No doubt there are businesses thriving on helping people get on Twitter.

I have come to consider this to be taking advantage of the situation.

New users either want to learn this stuff or they don’t. If they don’t, they’re not the right people to be doing it. If they do, everything they could possibly need to know is freely available online or in published books. That’s how I learned. Probably how you learned too.

Getting started, establishing strategies, monitoring, self-promoting, HootSuite, Tweetdeck, best practices…it’s all out there. The only investment is their time.

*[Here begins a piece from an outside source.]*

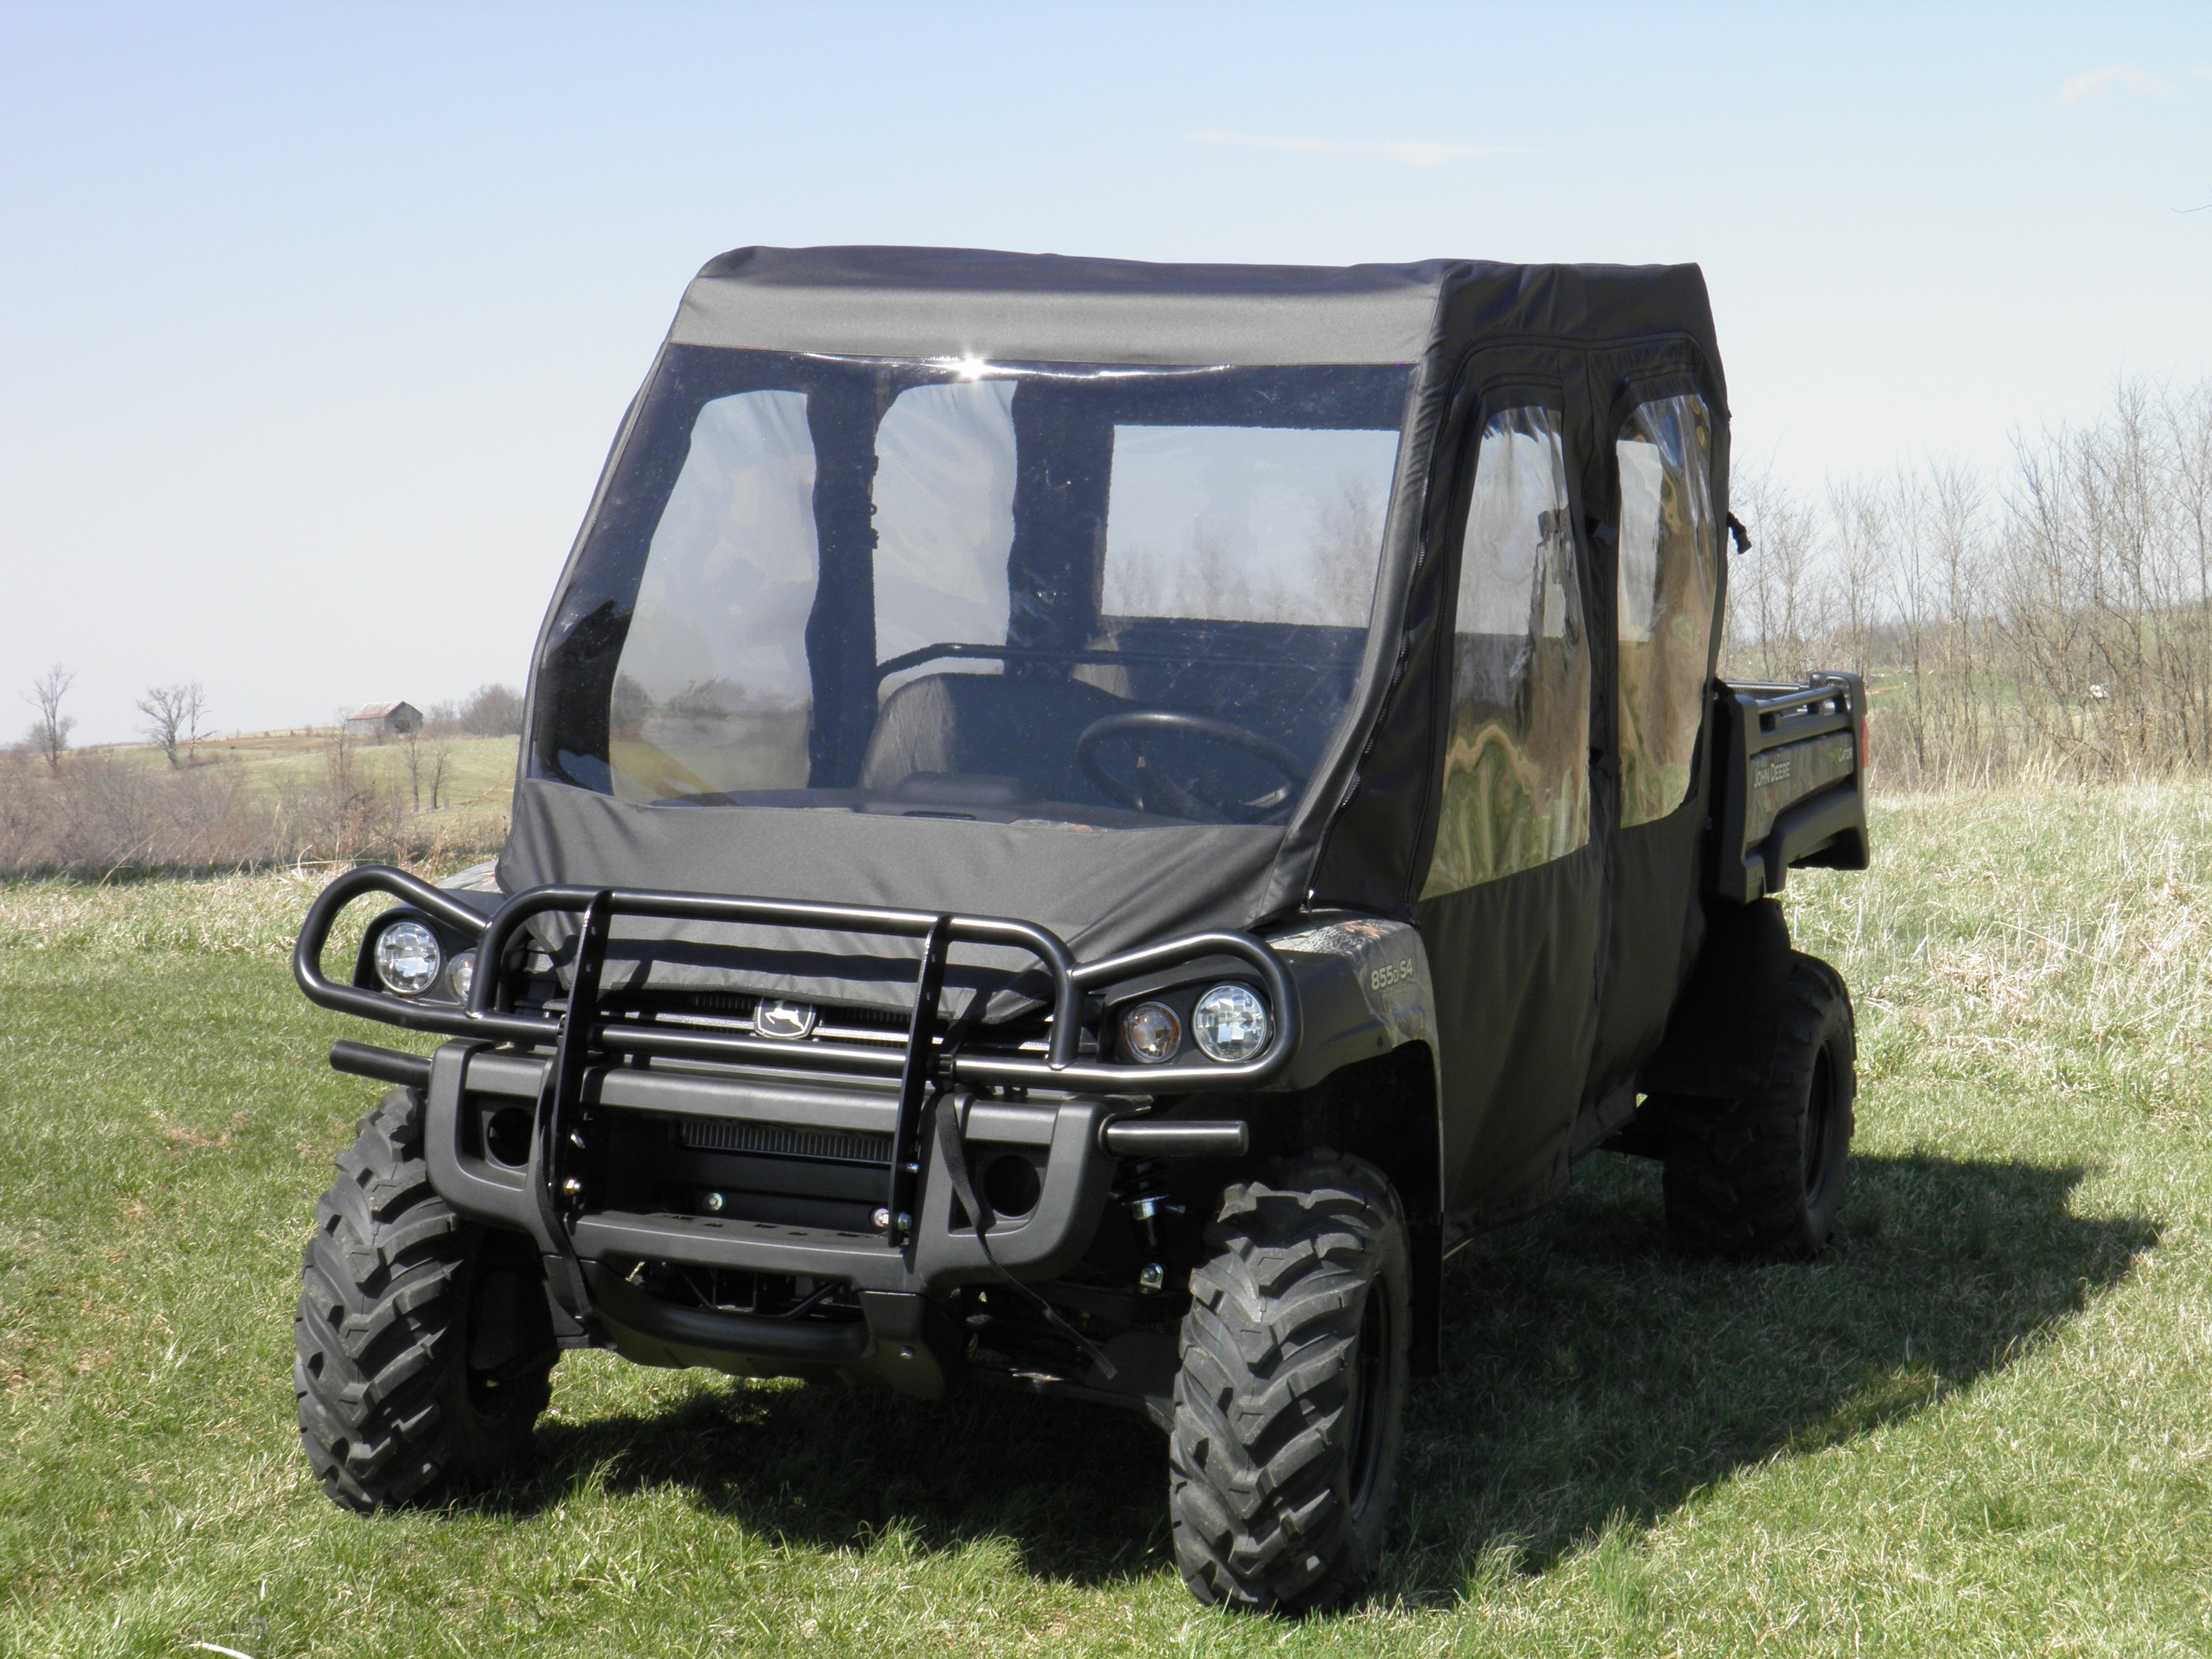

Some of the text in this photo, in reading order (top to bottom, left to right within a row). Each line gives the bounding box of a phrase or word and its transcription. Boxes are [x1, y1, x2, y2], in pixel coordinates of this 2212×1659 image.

[1754, 761, 1791, 789] JOHN DEERE
[1400, 958, 1413, 978] S4

We’ll point our clients in the direction of these resources and encourage them to learn it on their own. They may argue they don’t have the time, but then we think they should pass the torch to someone who does, rather than pay a shitload of money to an outsider who already gets it to mentor them. There’s no better way to feel confident about it than learning it yourself.

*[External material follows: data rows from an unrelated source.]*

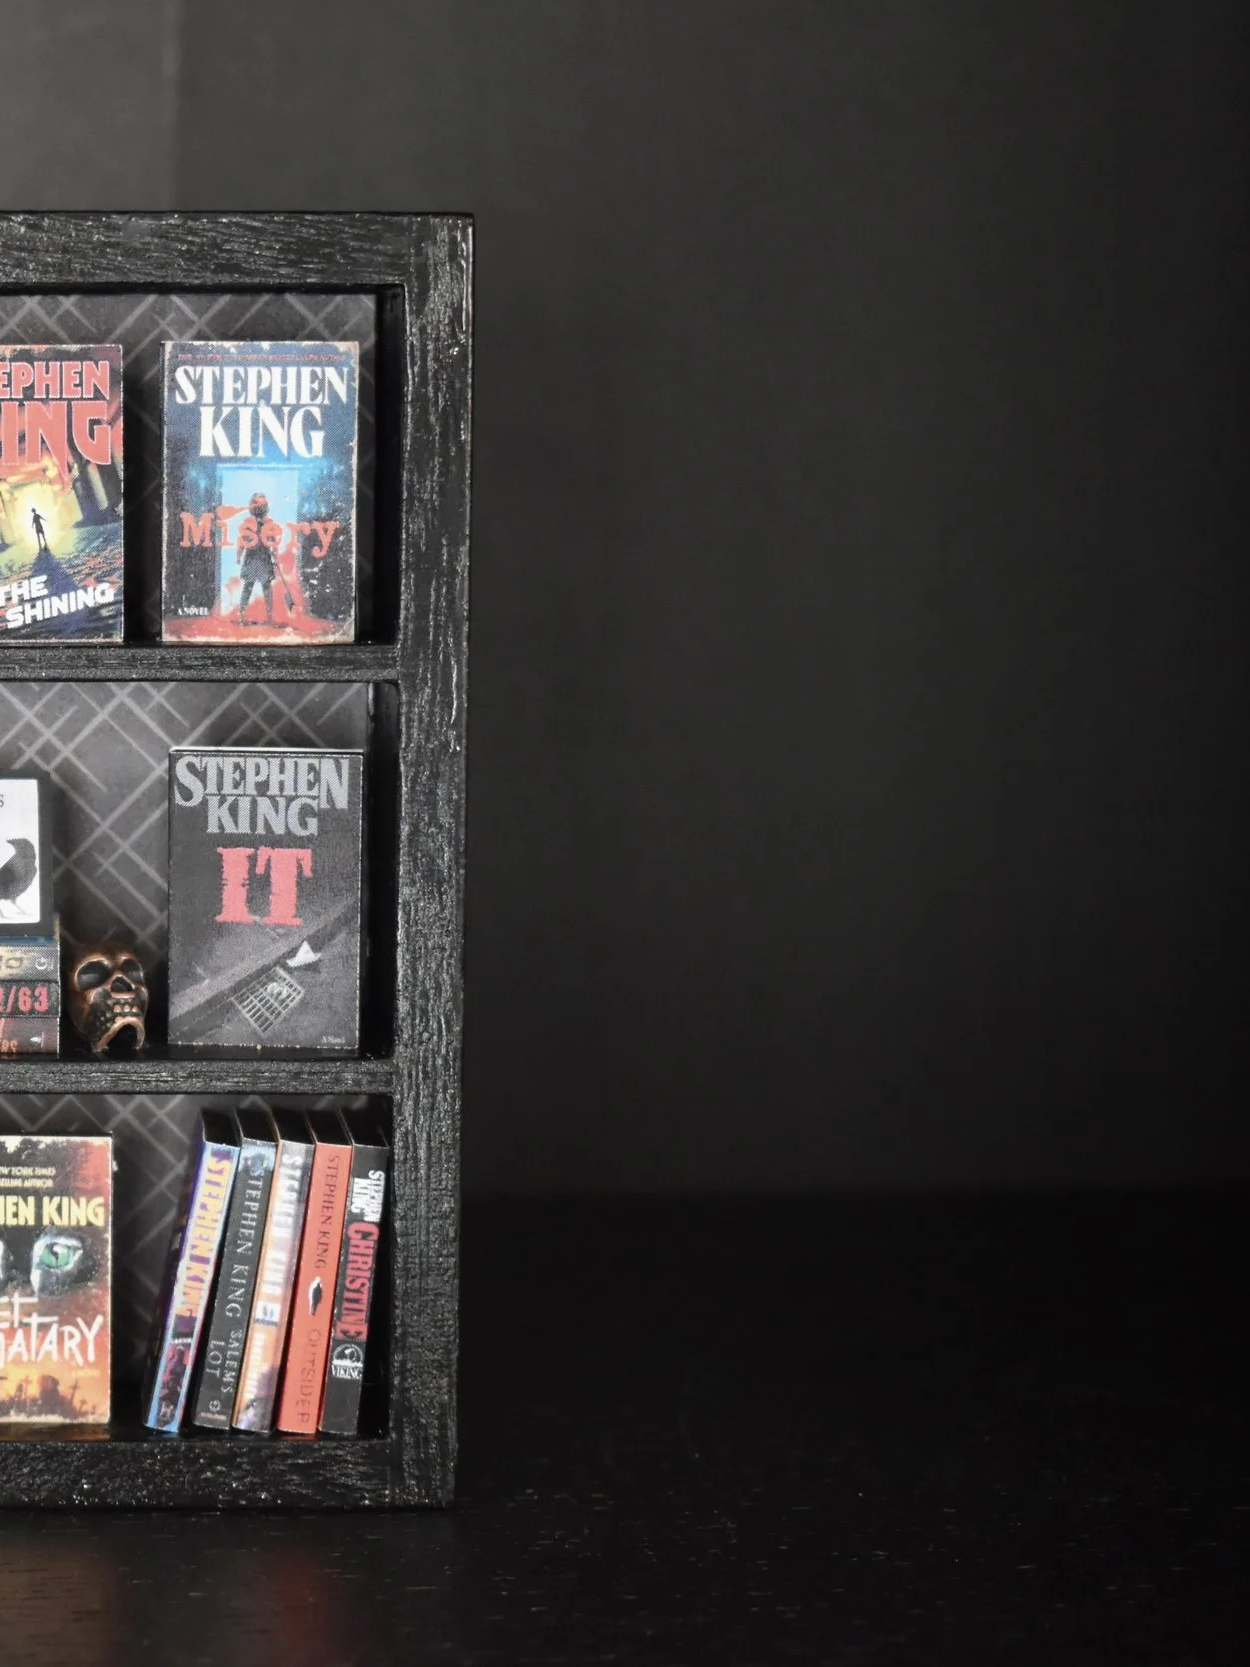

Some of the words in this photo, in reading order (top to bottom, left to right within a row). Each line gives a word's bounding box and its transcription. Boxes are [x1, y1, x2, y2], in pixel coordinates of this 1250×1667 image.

[175, 365, 349, 405] STEPHEN
[199, 402, 325, 458] KING
[180, 510, 340, 559] Misery
[5, 582, 116, 629] SHINING
[174, 755, 349, 809] STEPHEN
[206, 796, 318, 836] KING
[215, 846, 313, 925] IT
[11, 1166, 34, 1176] YORK
[35, 1166, 56, 1176] TIMES
[23, 1178, 54, 1188] AUTHOR
[271, 1154, 304, 1238] STEPHEN
[321, 1155, 340, 1225] STEPHEN
[350, 1177, 371, 1213] KING
[363, 1169, 385, 1222] STEPHEN
[42, 1195, 106, 1227] KING
[189, 1158, 232, 1257] STEPHEN
[236, 1169, 265, 1255] STEPHEN
[314, 1229, 332, 1269] KING
[175, 1259, 209, 1318] KING
[225, 1263, 249, 1318] KING
[335, 1221, 380, 1342] CHRISTINE
[206, 1340, 225, 1378] LOT
[331, 1364, 363, 1380] VIKING

Twitter is not really for some elite to understand and share.

It’s the other way around – it’s for dummies like me.



15 Responses to “Is Twitter for dummies?”

  1. GV February 17, 2011 at 4:34 pm #

    It’s like learning anything new and like you said

    “New users either want to learn this stuff or they don’t. If they don’t, they’re not the right people to be doing it. If they do, everything they could possibly need to know is freely available online or in published books. That’s how I learned. Probably how you learned too.”

    I’m still learning like what “MT” meant in a tweet. Someone asked earlier this week and a answer was given. A modified tweet.

    But in all actual fact it, I would’nt use it for business. It’s more of a peoples grapevine or chat-line like in the DOS days.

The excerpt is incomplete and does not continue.